YOUR TASK: All of the records below are to be given again word for word, with the pictures removed.

RECORDED INFORMATION:
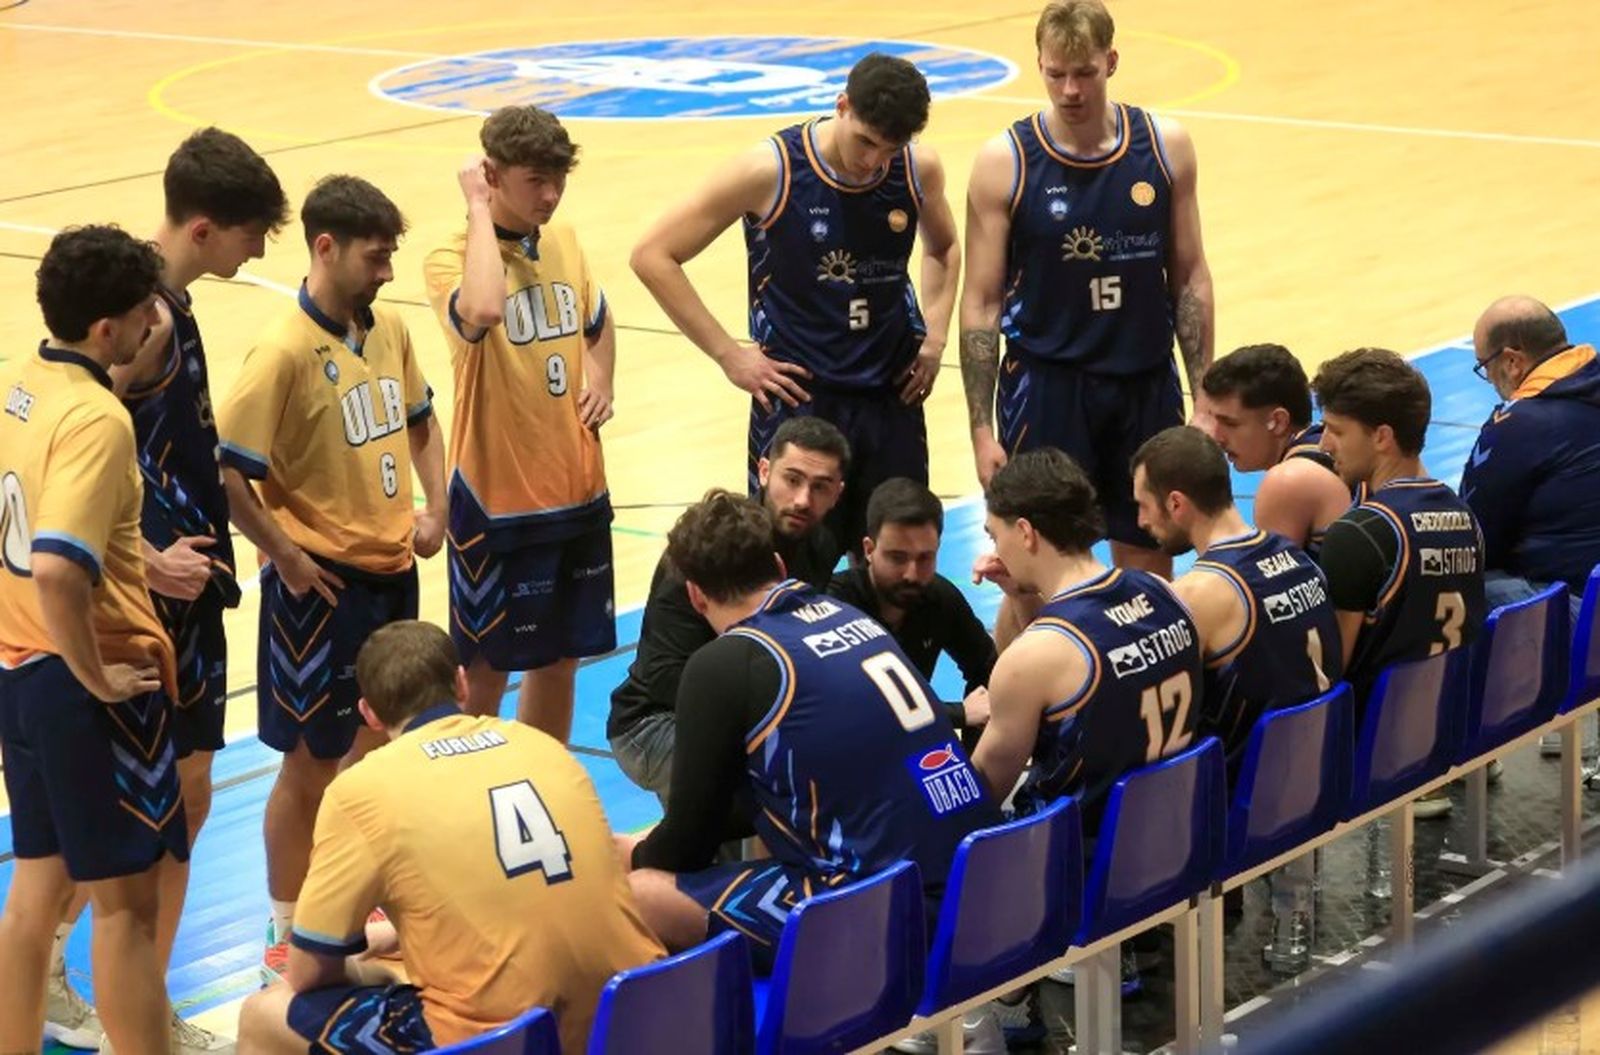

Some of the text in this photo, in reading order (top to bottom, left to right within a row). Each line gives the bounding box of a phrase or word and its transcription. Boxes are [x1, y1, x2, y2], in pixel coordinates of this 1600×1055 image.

[506, 282, 578, 345] ULB
[849, 298, 870, 330] 5
[1089, 275, 1122, 311] 15
[547, 354, 567, 396] 9
[341, 376, 404, 447] ULB
[380, 452, 398, 498] 6
[1104, 593, 1155, 628] YOME
[1428, 591, 1467, 657] 3
[1139, 619, 1192, 665] STROG
[861, 651, 935, 732] 0
[1140, 670, 1193, 763] 12
[420, 729, 508, 760] FURLAN
[924, 768, 981, 814] UBAGO
[488, 779, 574, 886] 4
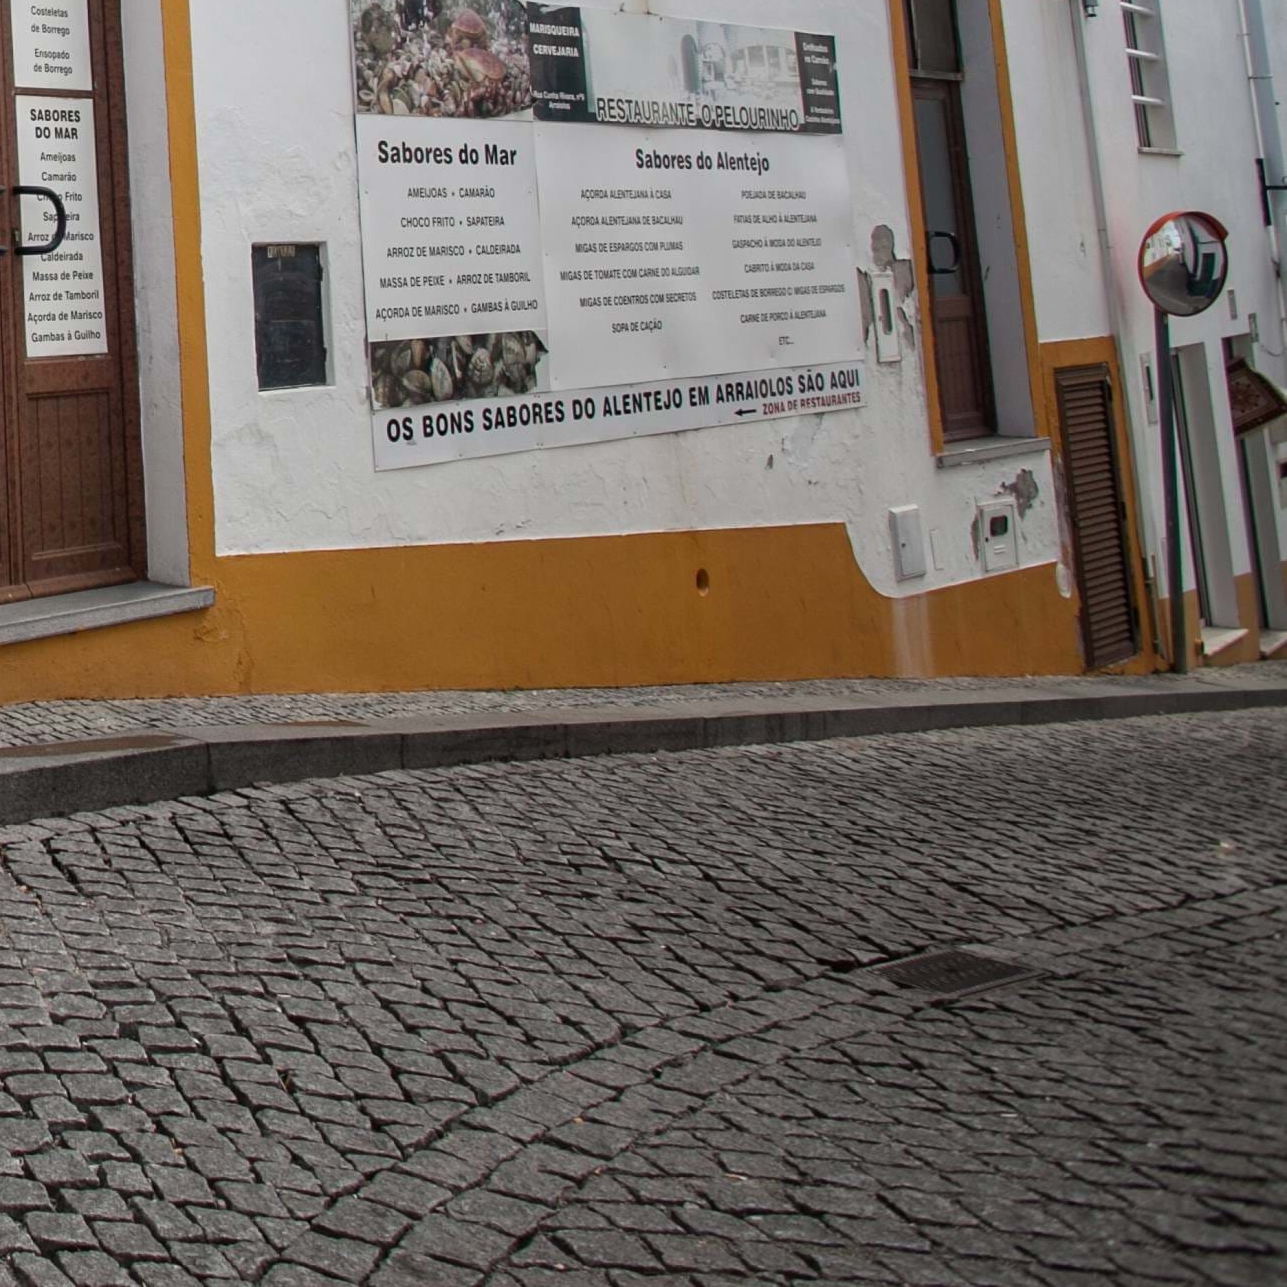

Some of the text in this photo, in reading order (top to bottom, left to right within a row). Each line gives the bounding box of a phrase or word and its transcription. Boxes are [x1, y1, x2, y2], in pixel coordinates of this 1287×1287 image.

[31, 5, 68, 18] Costeletas
[41, 24, 70, 37] Borrego
[529, 23, 580, 37] MARISQUEIRA
[34, 48, 70, 60] Ensopado
[533, 44, 579, 57] CERVEJARIA
[44, 63, 73, 76] Borrego
[30, 109, 81, 122] SABORES
[596, 98, 695, 126] RESTAURANTE
[716, 105, 798, 130] PELOURINHO
[35, 126, 78, 139] DO MAR
[40, 151, 76, 165] Ameijoas
[378, 140, 517, 165] Sabores do Mar
[635, 148, 770, 175] Sabores do Alentejo
[41, 171, 76, 181] Camarão
[407, 185, 495, 198] AMEIJOAS CAMARÃO
[610, 189, 648, 199] ALENTEJANA
[43, 211, 80, 223] Sapeira
[401, 216, 505, 228] CHOCO FRITO SAPATEIRA
[601, 215, 683, 225] ALENTEJANA BACALHAU
[28, 232, 50, 241] Arroz
[387, 244, 520, 258] ARROZ DE MARISCO CALDEIRADA
[609, 242, 643, 252] ESPARGOS
[40, 251, 83, 261] Caldeirada
[32, 270, 93, 281] Massa de Peixe
[380, 272, 530, 289] MASSA DE PEIXE ARROZ TAMBORIL
[560, 269, 621, 281] MIGAS TOMATE
[29, 289, 99, 301] Arroz de Tamboril
[580, 294, 649, 307] MIGAS COENTROS
[376, 299, 538, 322] AÇORDA DE MARISCO GAMBAS GUILHO
[28, 310, 102, 325] Açorda de Marisco
[31, 330, 101, 342] Gambas Guilho
[387, 368, 860, 443] OS BONS SABORES DO ALENTEJO EM ARRAIOLOS SÃO AQUI
[762, 391, 861, 415] ZONA DE RESTAURANTES
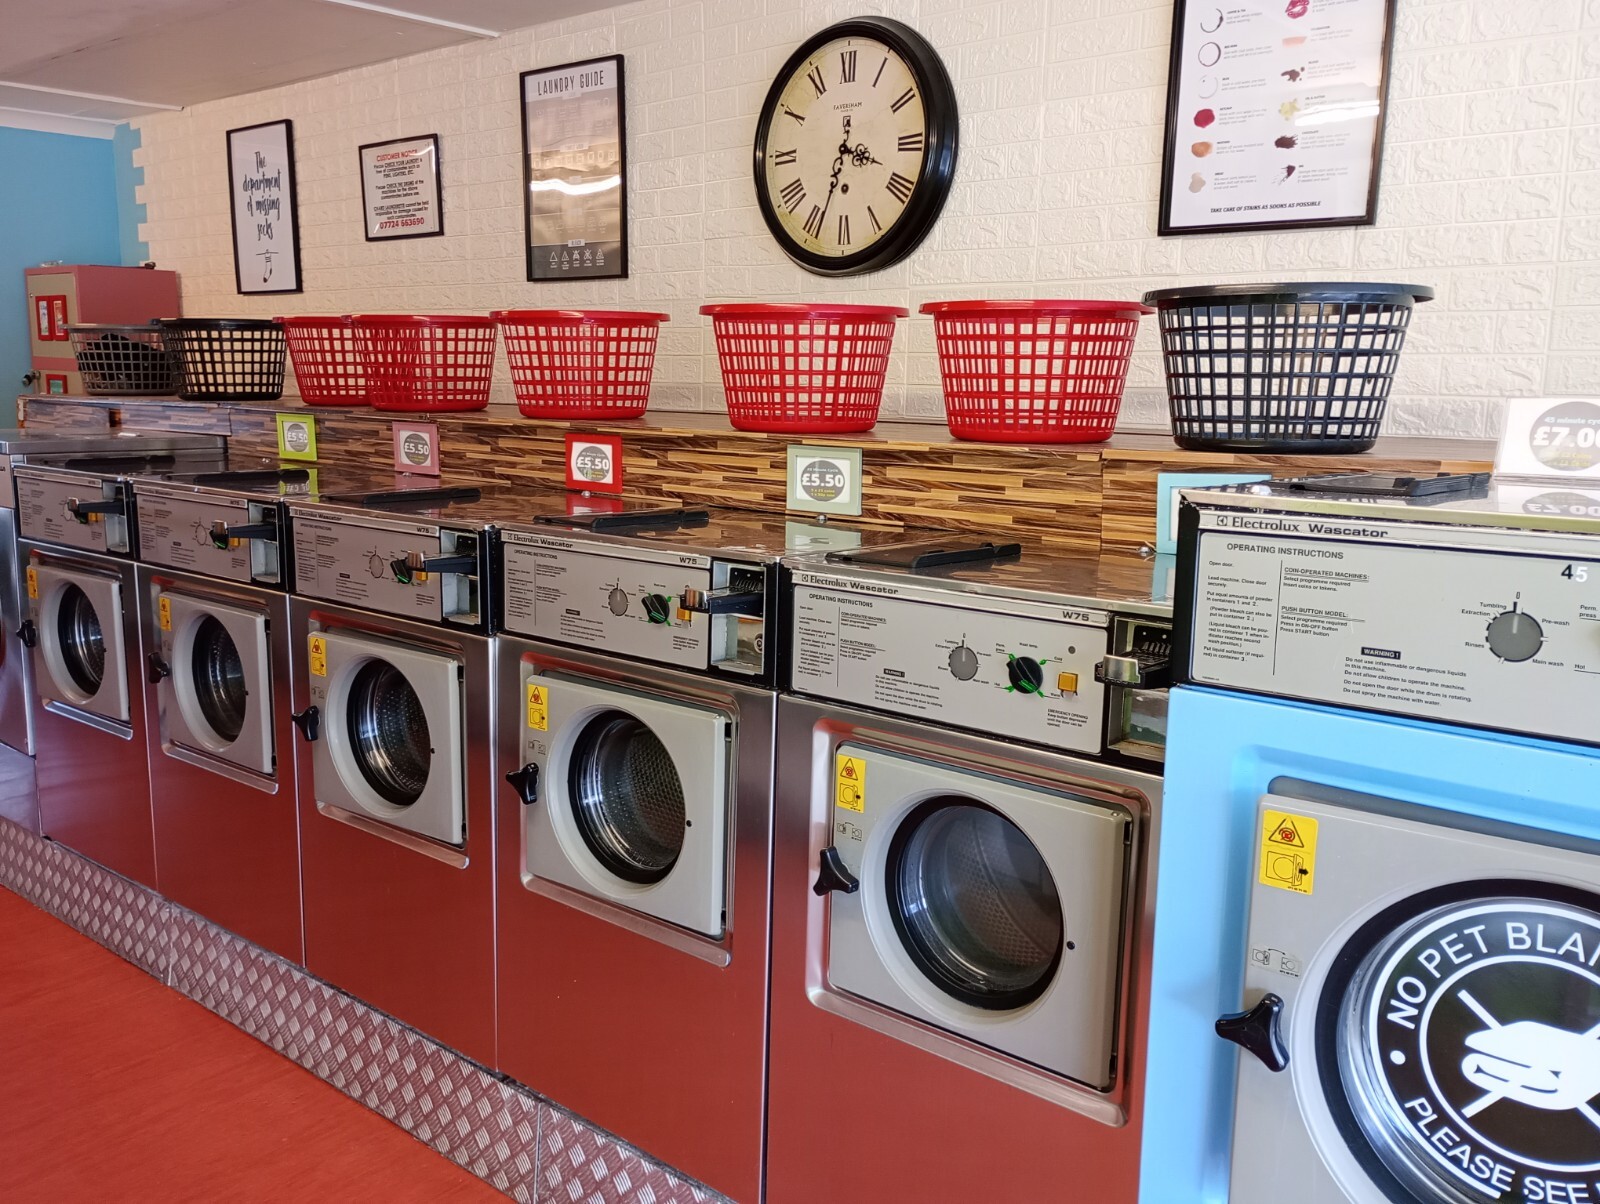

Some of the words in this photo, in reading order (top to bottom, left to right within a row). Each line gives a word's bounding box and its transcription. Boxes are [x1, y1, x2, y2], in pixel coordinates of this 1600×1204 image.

[538, 76, 575, 96] LAUNDRY
[580, 70, 604, 89] GUIDE
[834, 102, 862, 110] FAVERSHAM
[255, 152, 267, 174] The
[377, 152, 400, 162] CUSTOMER
[243, 169, 281, 196] department
[247, 195, 254, 216] of
[256, 194, 280, 221] missing
[257, 217, 273, 241] socks
[380, 220, 399, 229] 07724
[405, 443, 429, 454] £5.50
[577, 457, 609, 470] £5.50
[802, 473, 844, 487] £5.50
[1232, 517, 1300, 532] Electrolux
[1308, 523, 1388, 538] Wascator
[514, 534, 539, 544] Electrolux
[540, 539, 573, 548] Wascator
[680, 557, 697, 565] W75
[533, 551, 557, 559] INSTRUCTIONS
[1227, 543, 1275, 554] OPERATING
[1278, 547, 1344, 560] INSTRUCTIONS
[1284, 567, 1334, 576] COIN-OPERATED
[1334, 570, 1370, 580] MACHINES:
[1561, 564, 1588, 582] 45
[809, 593, 836, 602] OPERATING
[837, 598, 873, 608] INSTRUCTIONS
[810, 576, 847, 588] Electrolux
[850, 582, 898, 595] Wascator
[1062, 611, 1090, 621] W75
[1480, 602, 1507, 610] Tumbling
[1325, 609, 1348, 618] MODEL:
[1542, 618, 1570, 626] Pre-wash
[1364, 648, 1395, 658] WARNING
[1375, 660, 1408, 669] inflammable
[1416, 666, 1446, 674] dangerous
[1448, 694, 1472, 702] rotating.
[1387, 976, 1427, 1030] NO
[1418, 924, 1488, 979] PET
[1404, 1097, 1515, 1192] PLEASE
[1523, 1177, 1590, 1204] SEE

ANSWER SPACE:
Some of the text in this photo, in reading order (top to bottom, left to right within a row). Each line gives the bounding box of a phrase or word and its transcription. Boxes are [x1, y1, x2, y2], in pixel coordinates of this 1600×1055 image.

[506, 282, 578, 345] ULB
[849, 298, 870, 330] 5
[1089, 275, 1122, 311] 15
[547, 354, 567, 396] 9
[341, 376, 404, 447] ULB
[380, 452, 398, 498] 6
[1104, 593, 1155, 628] YOME
[1428, 591, 1467, 657] 3
[1139, 619, 1192, 665] STROG
[861, 651, 935, 732] 0
[1140, 670, 1193, 763] 12
[420, 729, 508, 760] FURLAN
[924, 768, 981, 814] UBAGO
[488, 779, 574, 886] 4

Some of the text in this photo, in reading order (top to bottom, left to right within a row). Each line gives the bounding box of a phrase or word and its transcription. Boxes are [x1, y1, x2, y2], in pixel coordinates of this 1287×1287 image.

[31, 5, 68, 18] Costeletas
[41, 24, 70, 37] Borrego
[529, 23, 580, 37] MARISQUEIRA
[34, 48, 70, 60] Ensopado
[533, 44, 579, 57] CERVEJARIA
[44, 63, 73, 76] Borrego
[30, 109, 81, 122] SABORES
[596, 98, 695, 126] RESTAURANTE
[716, 105, 798, 130] PELOURINHO
[35, 126, 78, 139] DO MAR
[40, 151, 76, 165] Ameijoas
[378, 140, 517, 165] Sabores do Mar
[635, 148, 770, 175] Sabores do Alentejo
[41, 171, 76, 181] Camarão
[407, 185, 495, 198] AMEIJOAS CAMARÃO
[610, 189, 648, 199] ALENTEJANA
[43, 211, 80, 223] Sapeira
[401, 216, 505, 228] CHOCO FRITO SAPATEIRA
[601, 215, 683, 225] ALENTEJANA BACALHAU
[28, 232, 50, 241] Arroz
[387, 244, 520, 258] ARROZ DE MARISCO CALDEIRADA
[609, 242, 643, 252] ESPARGOS
[40, 251, 83, 261] Caldeirada
[32, 270, 93, 281] Massa de Peixe
[380, 272, 530, 289] MASSA DE PEIXE ARROZ TAMBORIL
[560, 269, 621, 281] MIGAS TOMATE
[29, 289, 99, 301] Arroz de Tamboril
[580, 294, 649, 307] MIGAS COENTROS
[376, 299, 538, 322] AÇORDA DE MARISCO GAMBAS GUILHO
[28, 310, 102, 325] Açorda de Marisco
[31, 330, 101, 342] Gambas Guilho
[387, 368, 860, 443] OS BONS SABORES DO ALENTEJO EM ARRAIOLOS SÃO AQUI
[762, 391, 861, 415] ZONA DE RESTAURANTES

Some of the words in this photo, in reading order (top to bottom, left to right within a row). Each line gives a word's bounding box and its transcription. Boxes are [x1, y1, x2, y2], in pixel coordinates of this 1600×1204 image.

[538, 76, 575, 96] LAUNDRY
[580, 70, 604, 89] GUIDE
[834, 102, 862, 110] FAVERSHAM
[255, 152, 267, 174] The
[377, 152, 400, 162] CUSTOMER
[243, 169, 281, 196] department
[247, 195, 254, 216] of
[256, 194, 280, 221] missing
[257, 217, 273, 241] socks
[380, 220, 399, 229] 07724
[405, 443, 429, 454] £5.50
[577, 457, 609, 470] £5.50
[802, 473, 844, 487] £5.50
[1232, 517, 1300, 532] Electrolux
[1308, 523, 1388, 538] Wascator
[514, 534, 539, 544] Electrolux
[540, 539, 573, 548] Wascator
[680, 557, 697, 565] W75
[533, 551, 557, 559] INSTRUCTIONS
[1227, 543, 1275, 554] OPERATING
[1278, 547, 1344, 560] INSTRUCTIONS
[1284, 567, 1334, 576] COIN-OPERATED
[1334, 570, 1370, 580] MACHINES:
[1561, 564, 1588, 582] 45
[809, 593, 836, 602] OPERATING
[837, 598, 873, 608] INSTRUCTIONS
[810, 576, 847, 588] Electrolux
[850, 582, 898, 595] Wascator
[1062, 611, 1090, 621] W75
[1480, 602, 1507, 610] Tumbling
[1325, 609, 1348, 618] MODEL:
[1542, 618, 1570, 626] Pre-wash
[1364, 648, 1395, 658] WARNING
[1375, 660, 1408, 669] inflammable
[1416, 666, 1446, 674] dangerous
[1448, 694, 1472, 702] rotating.
[1387, 976, 1427, 1030] NO
[1418, 924, 1488, 979] PET
[1404, 1097, 1515, 1192] PLEASE
[1523, 1177, 1590, 1204] SEE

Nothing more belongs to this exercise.